In a separate application, Polar Coat® and CGM-026 were cooled and equilibration in a temperature controlled chamber to 25° F. Samples were then removed and sprayed using a Graco GX-19 air-less sprayer with a 0.5 17 tip onto cementitious Hardieboard®. The painted substrates were immediately placed in the 25° F. temperature controlled chamber to dry for 1 day.

It was found that Polar Coat® could not be sprayed when at a temperature of 25° F. due to clogging and spitting of the sprayer. CGM-026, however, was able to be sprayed without clogging, spitting, or other indications of application defects.

Example 9: Outdoor Exposure Testing

Polar Coat® and the composition of Example 3 were applied to the following substrates by brush and in duplicate at a temperature of 25° F. in a temperature controlled environmental chamber and were allowed to cure for one day.

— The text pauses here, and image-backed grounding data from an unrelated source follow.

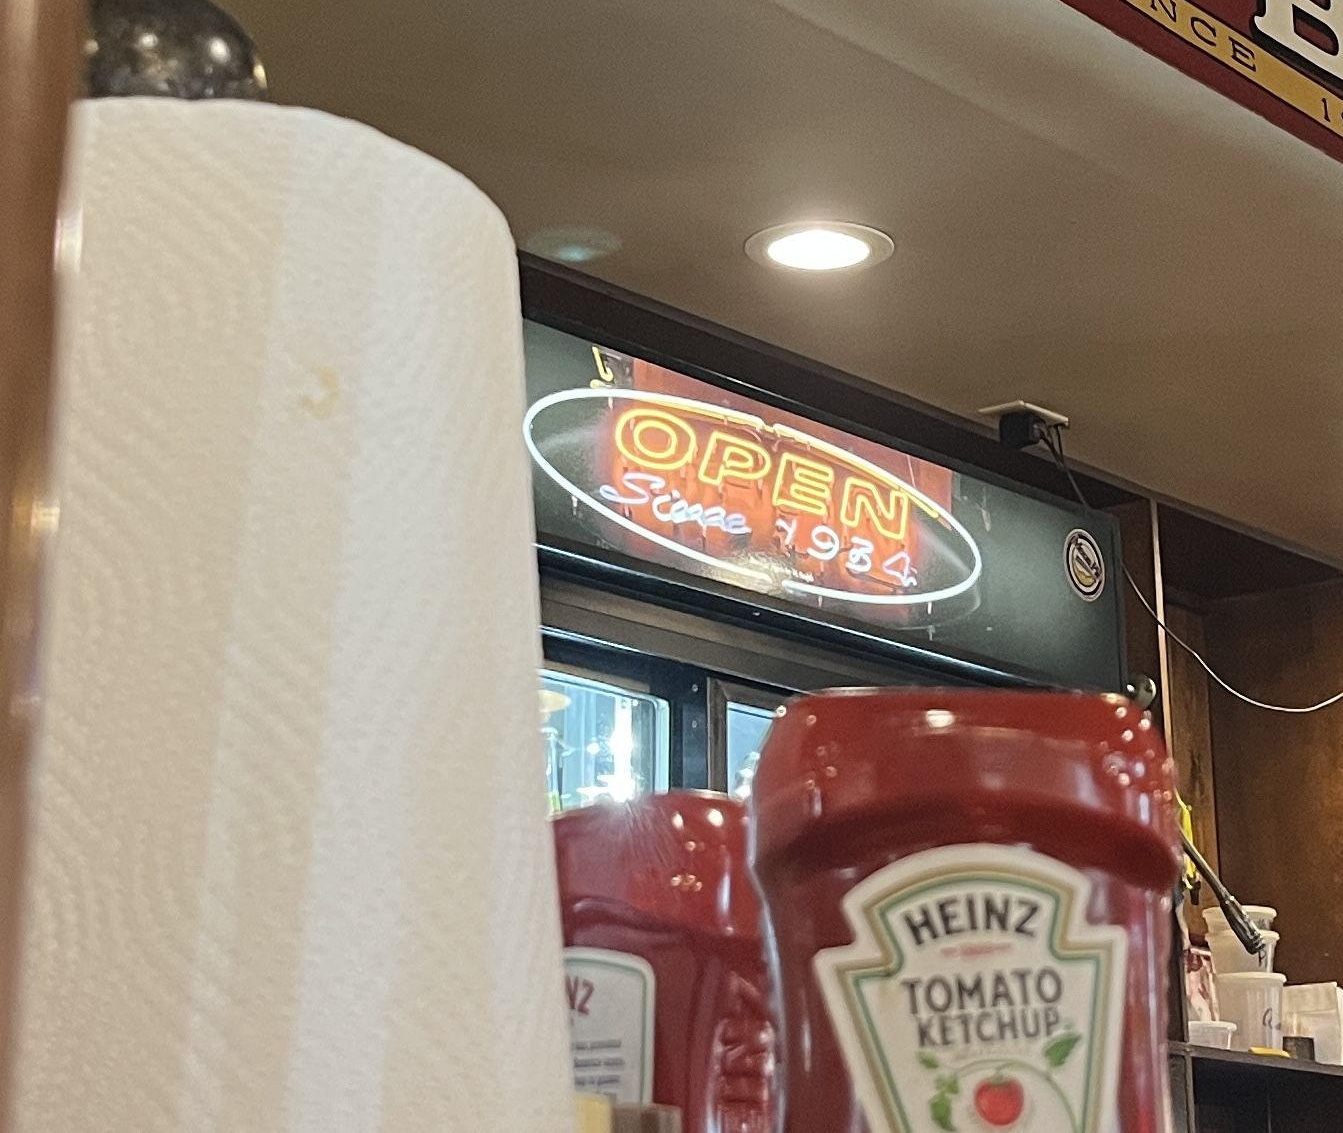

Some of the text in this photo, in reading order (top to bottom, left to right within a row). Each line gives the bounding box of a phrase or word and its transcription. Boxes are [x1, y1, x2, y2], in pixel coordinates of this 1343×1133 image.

[614, 407, 913, 541] OPEN
[599, 472, 752, 535] Since
[904, 892, 1041, 947] HEINZ
[901, 967, 1064, 1015] TOMATO
[916, 1006, 1061, 1049] KETCHUP

• • (1) cementitious Hardieboard® primed Loxon® Concrete and Masonry Primer/Sealer, available from The Sherwin-Williams Company;
  • (2) T-111 exterior grade plywood primed with Exterior Oil-based Wood Primer, available from The Sherwin-Williams Company;
  • (3) VTW vinyl siding without pretreatment or primer (two coats of Polar Coat® or Example 3 composition applied);
  • (4) Cedar rough siding primed with Exterior Oil-based Wood Primer, available from The Sherwin-Williams Company;

Following application and curing, the coated substrates were exposed outdoors to weather elements beginning in mid-winter at a location in the midwestern United States, in a state that has cold, snowy winters and hot summers. Exposed to elements beginning in February in a midwestern state that has cold, snowy winters and hot summers.

The samples were graded every three months for general appearance, frosting, cracking, flaking, mildew or algae growth, blistering, dirt pick-up and 60° gloss. The composition of Example 3 showed the same or better characteristics as substrates coated with Polar Coat®.